Margo retrieved the satchel and took out the leather flask. She swilled it around. There was just over two mouthfuls of warm rainwater. Before Caleb could incoherently protest that the water should be for her and Little Tiff, Margo opened Caleb’s mouth and poured his portion down his throat.
“You,” Caleb said. “Not me. You.”
“Just rest,” Margo said as she held her husband’s head in her arms.
And Caleb did just that.
Caleb awoke on the twenty-eighth day of the drought. He had rested for a full day, yet he didn’t feel any better. Beyond dehydrated, every part of his body ached with extreme dryness. He rose from his cot and winced as his sore feet touched the warm wood of the farmstead. Drawing a breath, his throat was assailed by the humid air. Stumbling into the main living quarters, it took him a few moments to realise Margo wasn’t there. He tried to call out for her, but all that emerged was a pathetic wheeze. Caleb ambled over to Little Tiff’s room, only to find her crib empty.
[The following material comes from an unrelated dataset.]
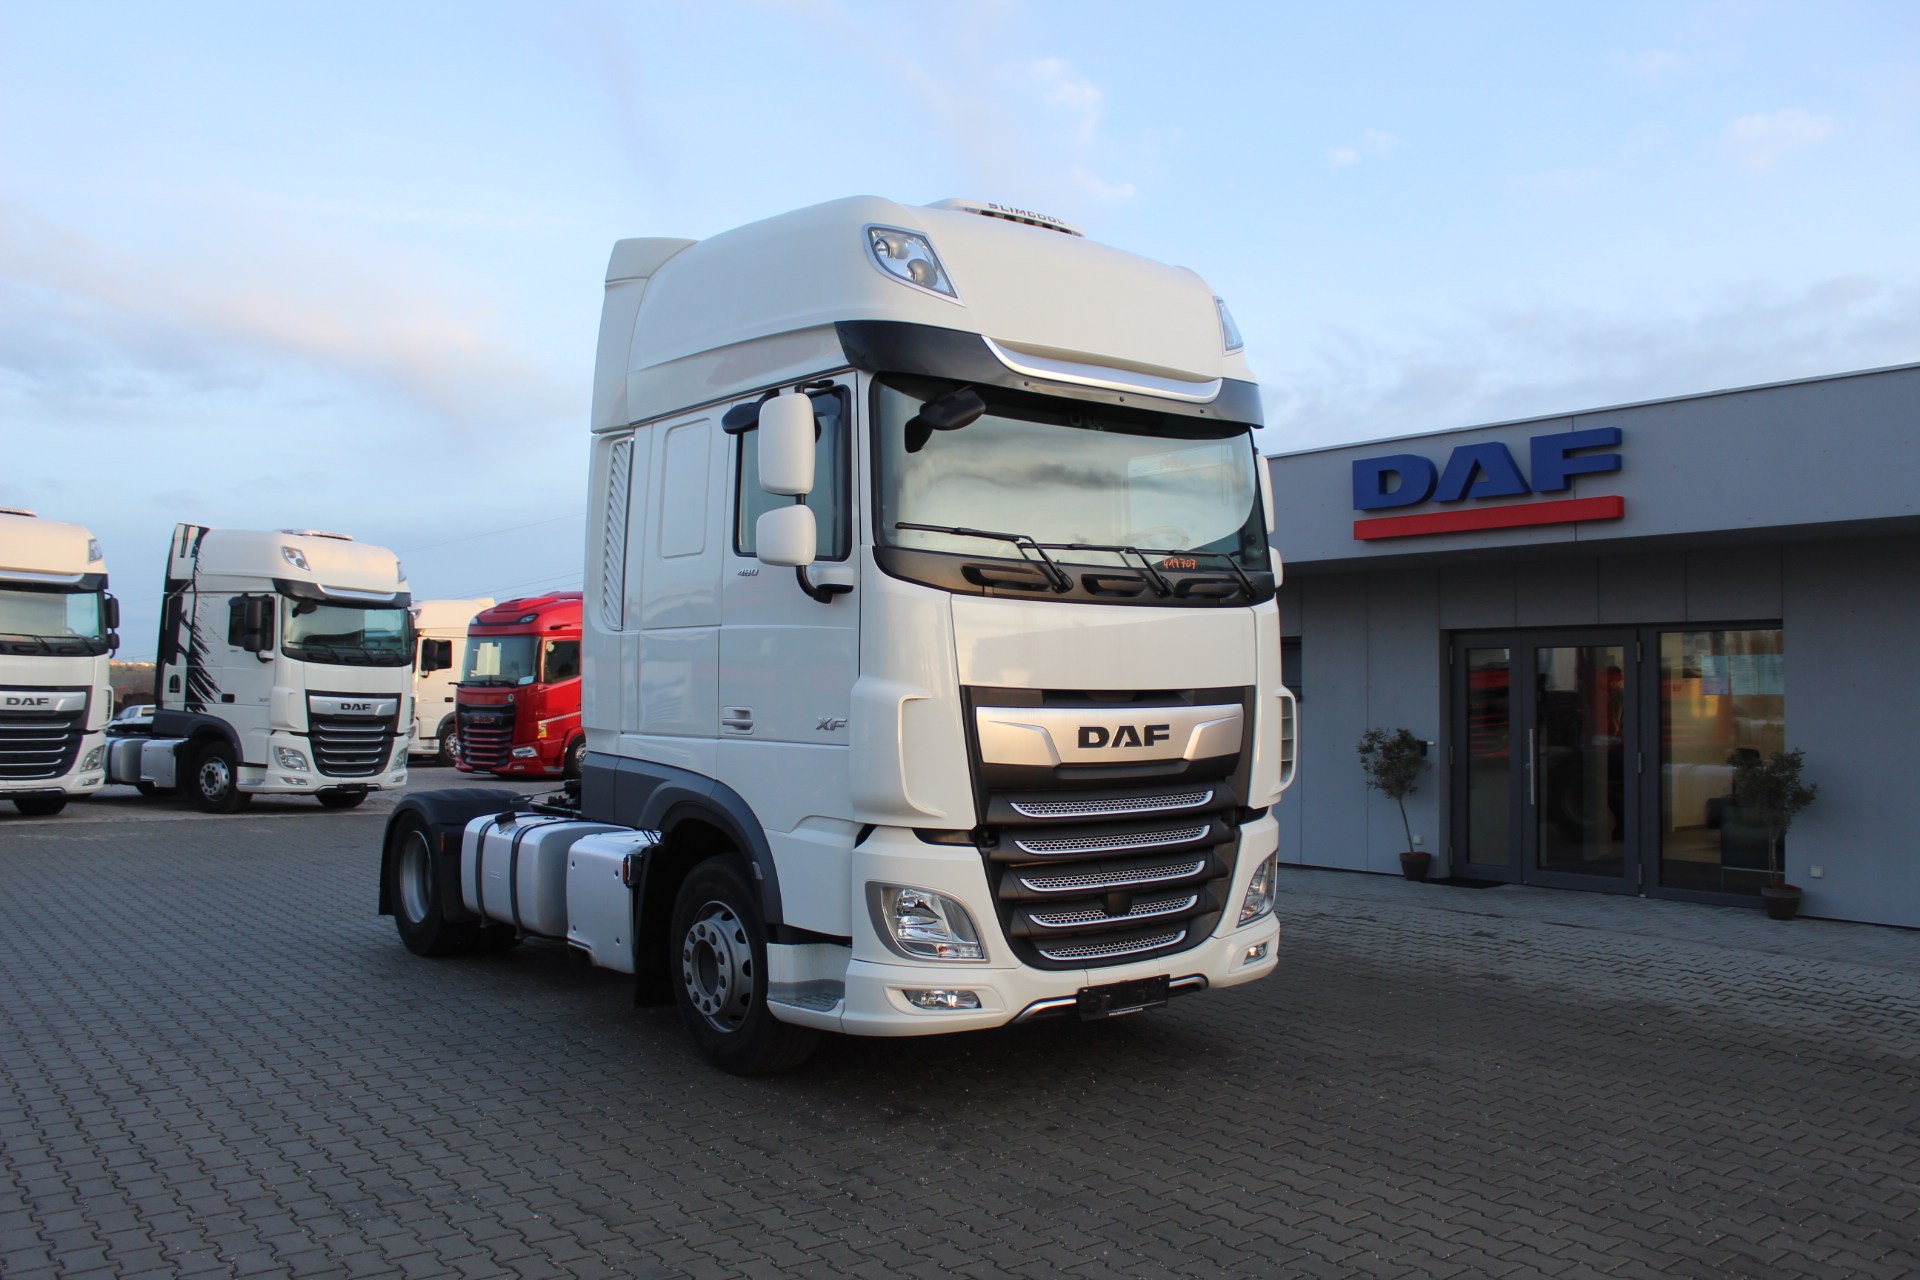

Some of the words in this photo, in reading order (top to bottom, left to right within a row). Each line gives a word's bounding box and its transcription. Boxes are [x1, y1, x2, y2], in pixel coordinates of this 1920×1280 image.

Exiting his daughter’s room, something caught his sore, dry eyes. A folded piece of paper lay on the kitchen table. Unfolding it, Caleb let out a wheezed “No!” as the paper dropped from his hand. He picked up his satchel, donned his baseball cap, shuffled over to the farmstead door, and with one hand and his waning strength, flung it open.
“Gone to Robinson’s to get help,” Margo had written. “It’s better to ask for forgiveness than permission.”
The Robinsons’ farmstead was half a mile east of Caleb and Margo’s place, lying on flat terrain, devoid of any boundaries or obstacles. Caleb had visited the Robinsons’ farmstead so frequently over the years that he felt he could walk there blindfolded.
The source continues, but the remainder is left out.